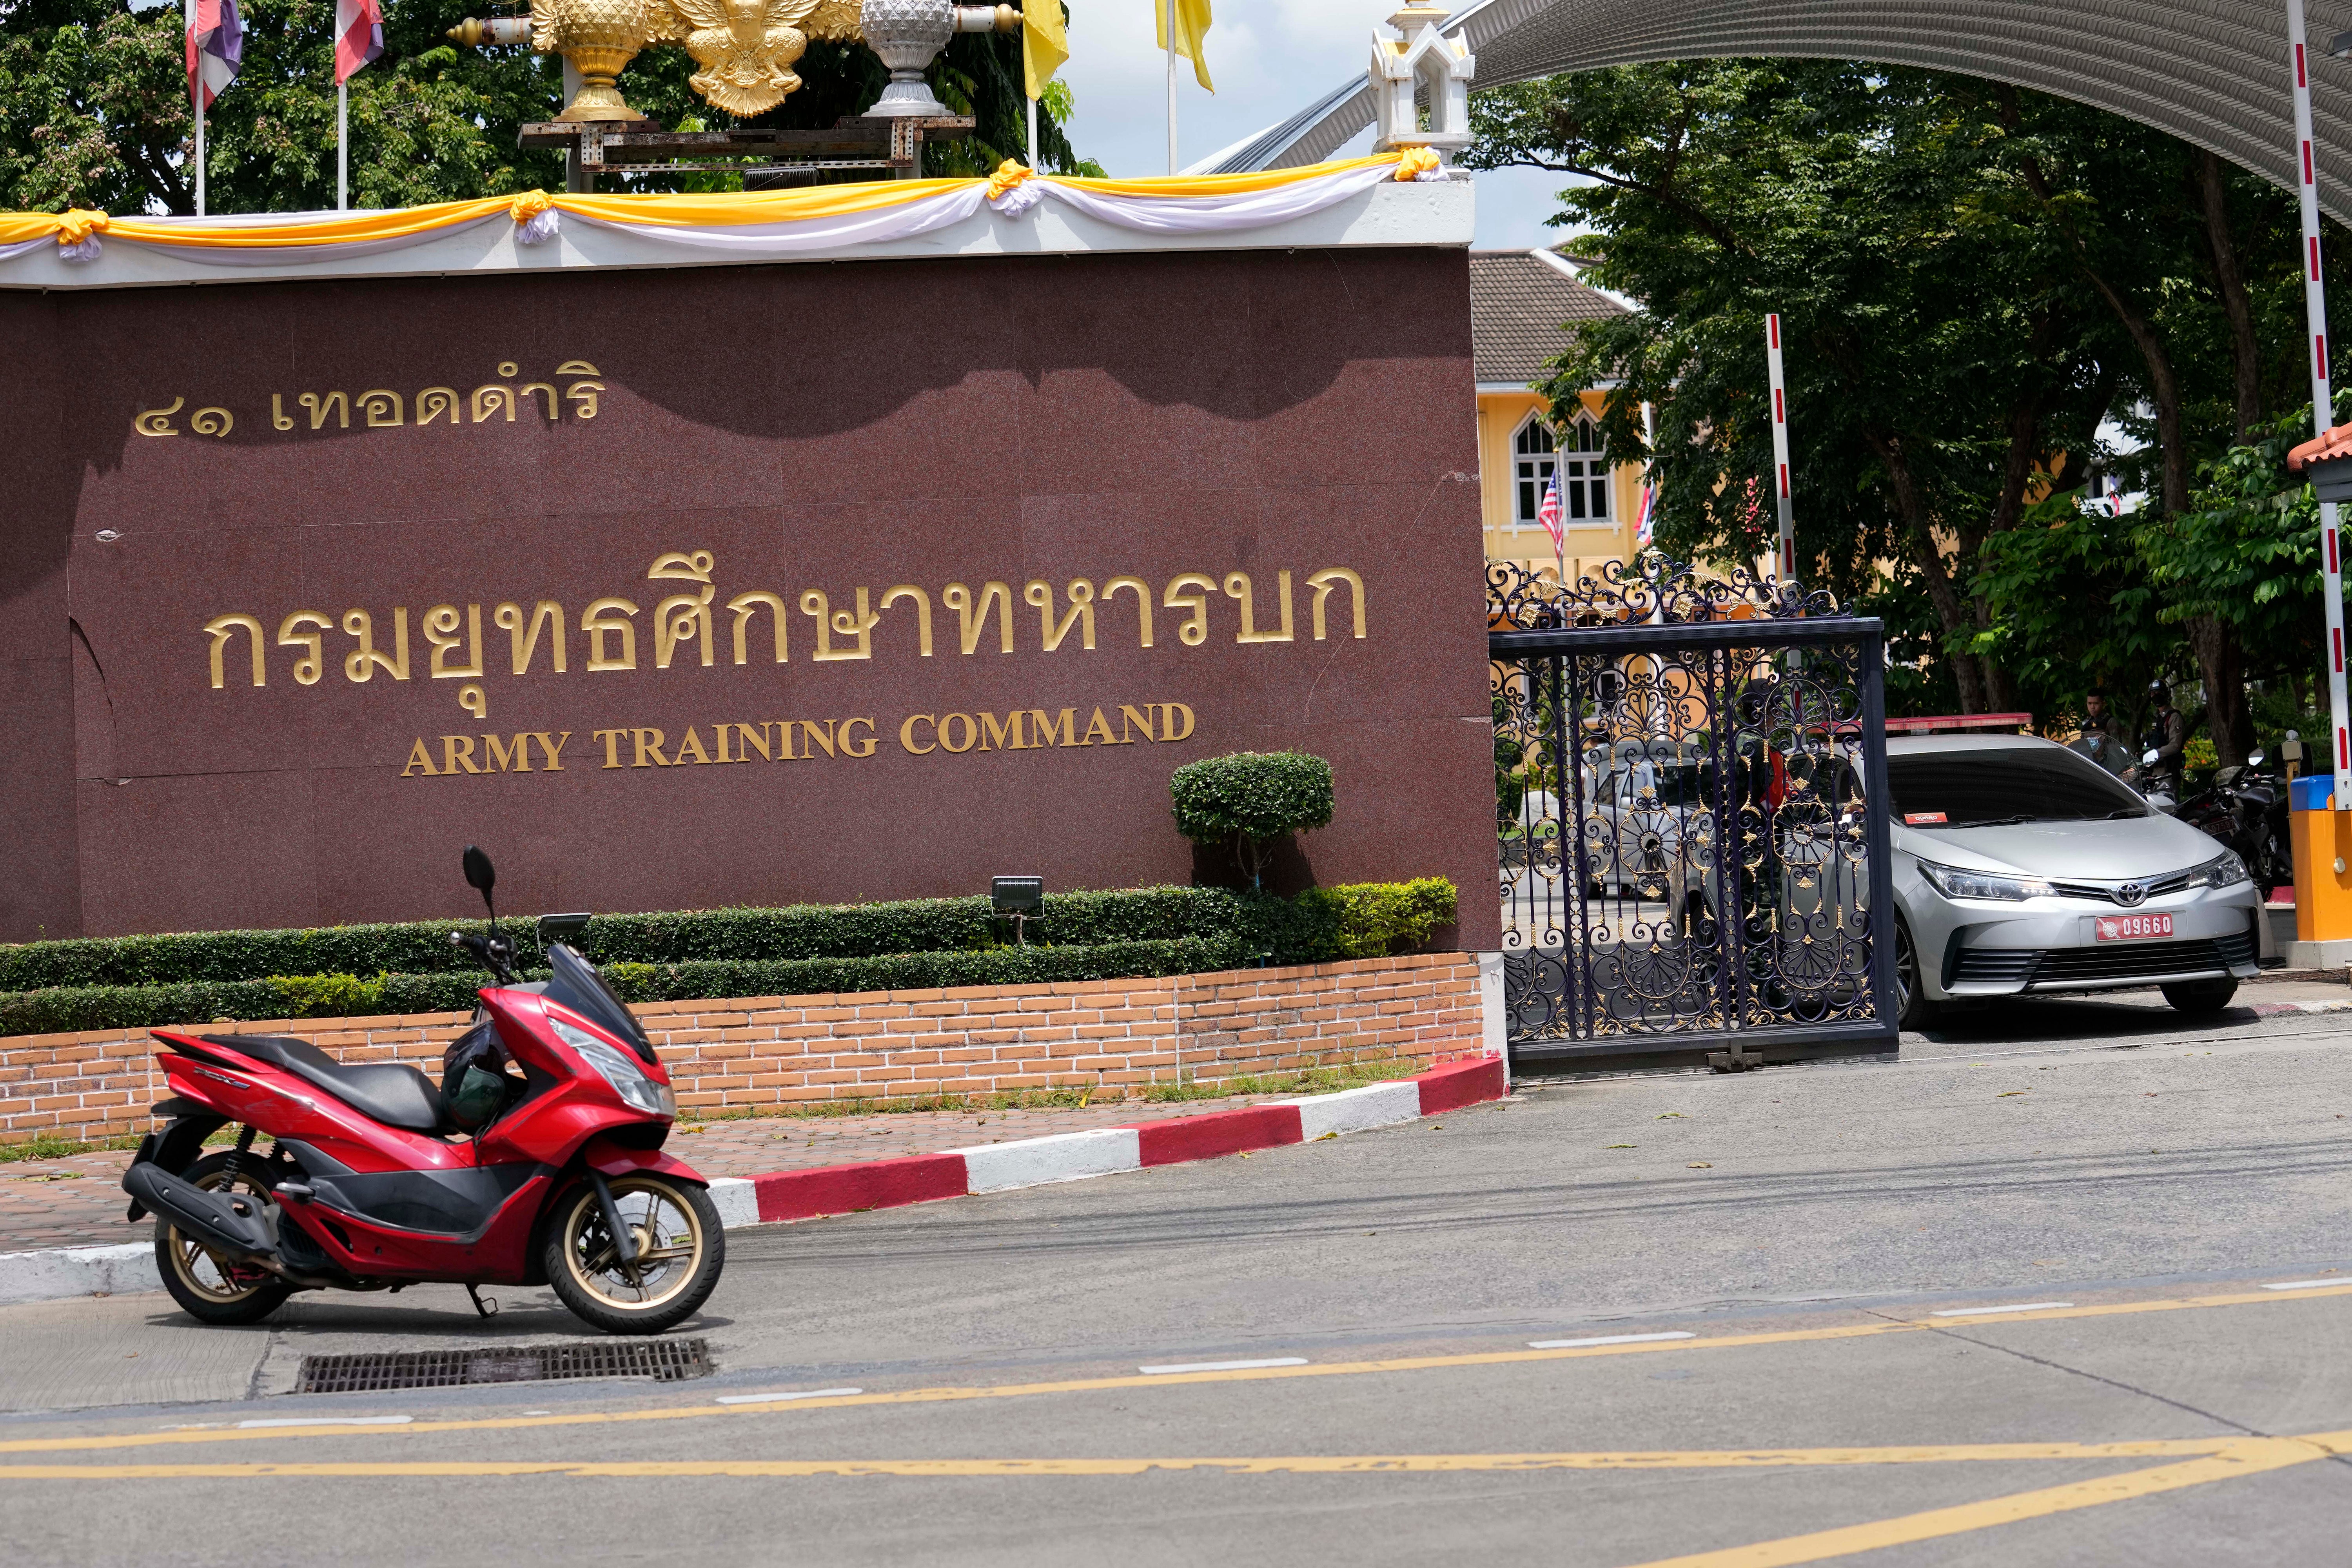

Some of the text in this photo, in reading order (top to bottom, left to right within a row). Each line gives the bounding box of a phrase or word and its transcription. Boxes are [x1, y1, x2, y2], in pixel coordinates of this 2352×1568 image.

[134, 359, 606, 438] ๔๑ เทอดดำริ
[202, 548, 1367, 718] กรมยุทธศึกษาทหารบก
[400, 702, 1196, 777] ARMY TRAINING COMMAND
[2123, 916, 2171, 935] 09660

════════════════

The task |
From the first record to the last, retype everything exactly except the images.

Answer section |
Some of the text in this photo, in reading order (top to bottom, left to right within a row). Each line gives the bounding box of a phrase or word and its transcription. Boxes are [x1, y1, x2, y2], in pixel coordinates of this 2352×1568 image.

[134, 359, 606, 438] ๔๑ เทอดดำริ
[202, 548, 1367, 718] กรมยุทธศึกษาทหารบก
[400, 702, 1196, 777] ARMY TRAINING COMMAND
[2123, 916, 2171, 935] 09660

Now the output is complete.